# Bag of Bones - What do you do with them?



## selinamb (Sep 13, 2010)

My creativity is pretty limited to graphics (free invitations, free apothecary labels), so what to do with props is a huge anxiety point for me. I can't visualize anything. 

I have seen where many of you have referenced how much you like the bag of bones that you can buy at various locations. But what do you do with them? Scatter them around your graveyard? Just hang them as-is? I'm clueless!

I found what seems like a decent deal on Oriental Trading (here) but I don't even know what I would even do with them. 

Help?

Thanks!!
Selina


----------



## Willodean (Sep 13, 2010)

I'm planning on putting some dirt on the bottom of my wheelbarrow and putting the bones in them and setting it up next to my front porch...you could scatter them about in your yard, or on the kitchen table where you'll have your food.


----------



## Jack'sEckstein (Oct 16, 2012)

I used spray adhesive and dumped black glitter on them before when I did like a fancier less gore party. They made nice decorations. I've seen people make like wind mobiles out of them or chandeliers.


----------



## diggerc (Sep 29, 2005)

I laid mine out in as best I could anatomically correct face down position on the part of the walk chained off from the one leading to the front door. with other bones I have as filler. died and left to rot look I'll find a pic later.


----------



## Wolfbeard (Sep 22, 2008)

I use the bags of bones as scene filler and detail items in many scenes. They are very useful in completing a storyline for a scene.

There are a pile of them on the floor to the left of the skeleton on the spit (leftovers):











Here, I used them to represent the consumed "triplet" from my "Twins" sideshow scene one year: (They are at the bottom of the cage with black duct tape horns on the skull)

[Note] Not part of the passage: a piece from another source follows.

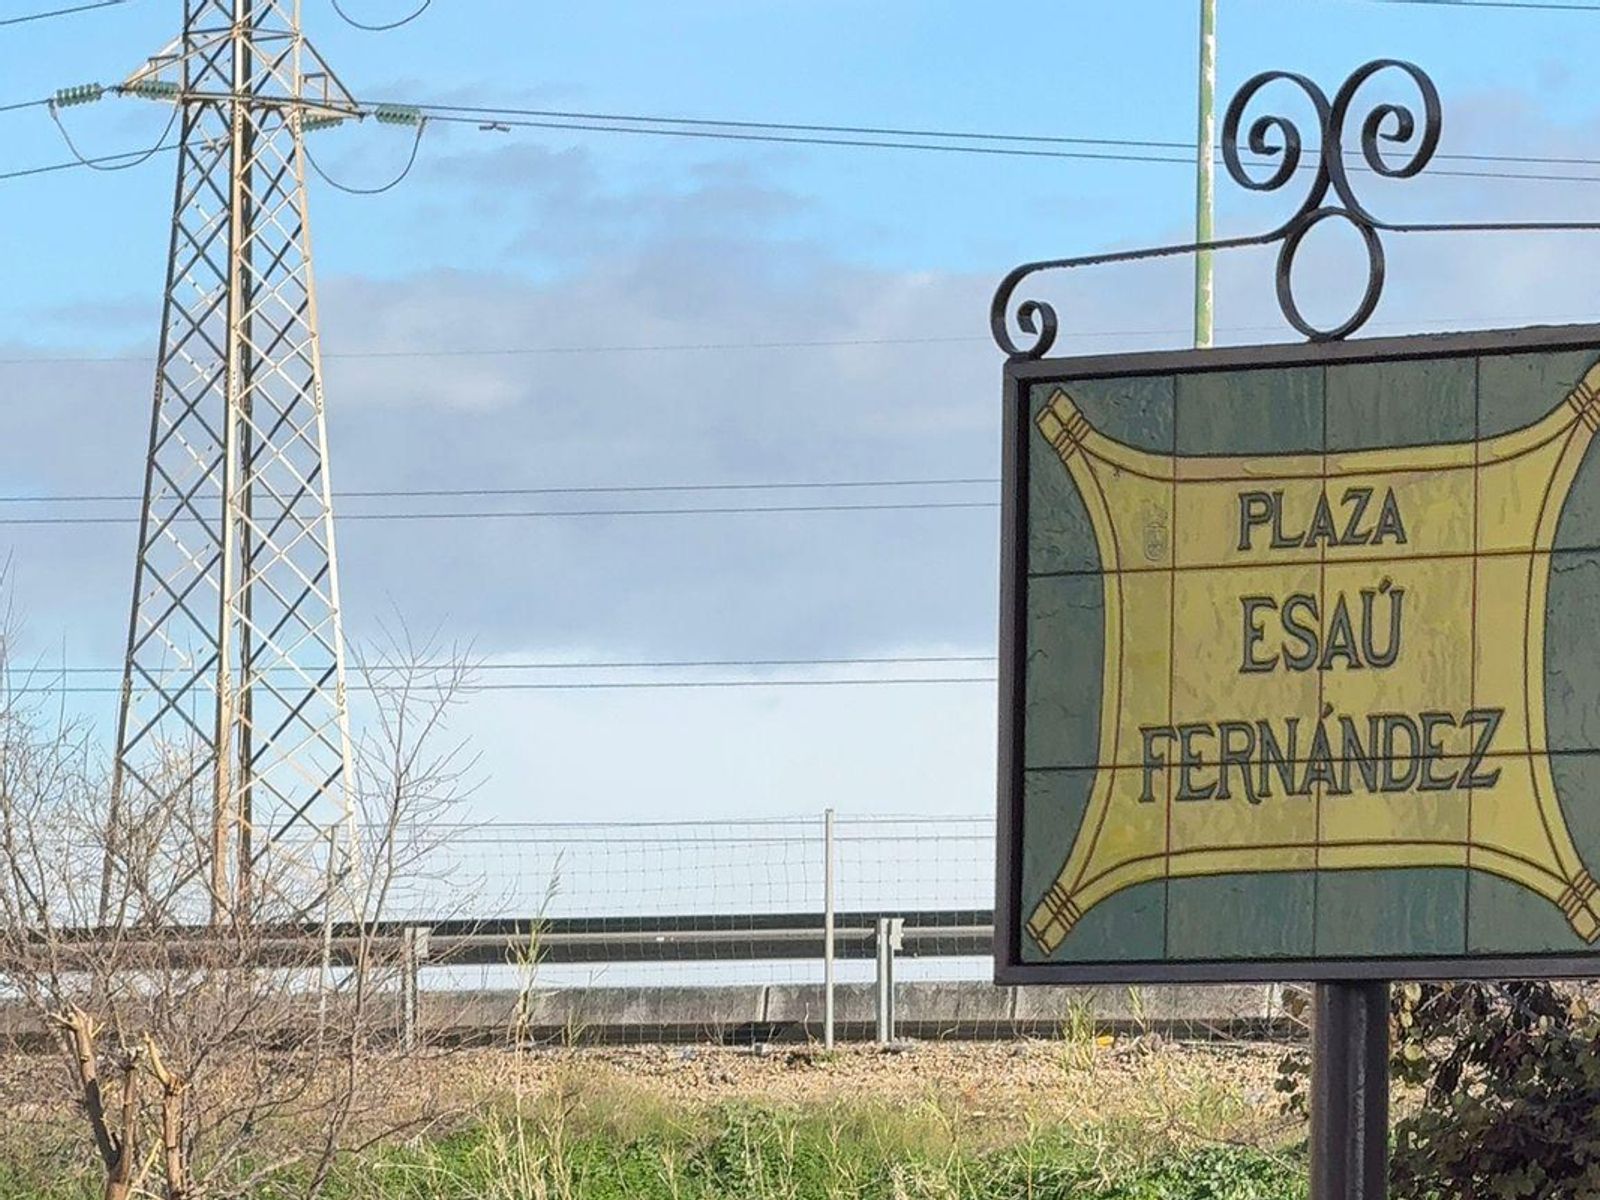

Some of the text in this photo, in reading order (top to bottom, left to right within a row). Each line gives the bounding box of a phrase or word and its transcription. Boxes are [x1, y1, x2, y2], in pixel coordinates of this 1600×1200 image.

[1237, 486, 1408, 551] PLAZA
[1239, 576, 1406, 674] ESAÚ
[1137, 703, 1507, 806] FERNÁNDEZ

Then they were the third pirate in the POTC inspired jail scene at another of our parties:










Here they represent food scraps from the "Devil-man" sideshow scene the same year I did the twins:










Eric


----------



## Lumpy (Sep 19, 2010)

I also have an electronic crow caller going.


----------



## Defenestrator (Jul 27, 2009)

There are foam versions, and plastic/vinyl versions out there.

I'm hoping to make a spine candle from the vinyl bag I have laying around, and I am in the final stages of a countdown clock made by cutting the front half of a foam skull off and hot-gluing it on to the sign. 

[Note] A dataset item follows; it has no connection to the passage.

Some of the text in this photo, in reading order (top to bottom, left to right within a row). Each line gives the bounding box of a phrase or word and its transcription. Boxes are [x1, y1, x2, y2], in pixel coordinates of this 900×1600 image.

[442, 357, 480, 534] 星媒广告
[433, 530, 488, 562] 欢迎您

The skull was critical for some dimension, and (though you can't really make it out in this shot) it gave me a place to stuff a string of battery powered LEDs to light the sign when completed:


----------



## diggerc (Sep 29, 2005)

Here's the picture I promised
.


----------



## nimblemonkey (Jan 17, 2013)

I recently got a bag of bones from Oriental Trading and they are better quality and more realistic than the bones I see in the stores (Big Lots, etc.) I am using the skull to construct a talking wall sconce. it will be mechanical, someone pulling a string (20 lb. test fishing line) to move the jaw (attached to the skull with springs) while talking through a voice changer (they'll be behind the wall the sconce and skull are mounted on). Probably use the rest of the bones as the leavings from a giant spider's victims.


----------



## selinamb (Sep 13, 2010)

These are such amazing ideas. I knew I asked the right people 

I have spider victims and huge spider egg sacks, I will use them for that! Thanks so much for the guidance. It helps get the creative juices flowing.


----------



## Paint It Black (Sep 15, 2011)

This year I am going to fill an old wheelbarrel with dirt, leaves, bones and skulls, and then lean an old shovel up against it. This will be the first thing our guests see as they walk through the gate to our house for the Haunted Dinner Party.


----------



## Jules17 (Aug 31, 2010)

I have used them scattered on the buffet table for our party, and a couple years back half-buried some in a grave with flowers and put the skull at the head under a cross, Day of the Dead style. Here's a couple of pics:

http://www.halloweenforum.com/members/jules17-albums-halloween-2010-picture120197-new-59.jpg
http://www.halloweenforum.com/members/jules17-albums-halloween-2010-picture120199-new-77.jpg


----------



## SweetnScary (Apr 4, 2011)

I found bags of bones at Walmart for $9.97this year. So far we've used most of the bones as a groundbreaker (with a 2x3 as the spine & sharkbite pvc pipe for ribs). I also sprinkle or stack tthem in the graveyard, and on the owl table (a creepy looking Native American alter type thing that I googled. )


----------



## selinamb (Sep 13, 2010)

Oh I love it! We're going to make a foam cage and hang it from our ceiling in the garage and put the bones in there. I have so many ideas now thanks to this!!


----------



## Ghouliet (Nov 5, 2010)

I am currently collecting skeleton parts and bags of bones to use in making an archway. I have also seen wreaths made from them.


----------



## HalloweenTrick (Feb 2, 2012)

I have a cauldron with a fog mister and light, i placed some of mine in there........ Kinda like a bubbling stew


----------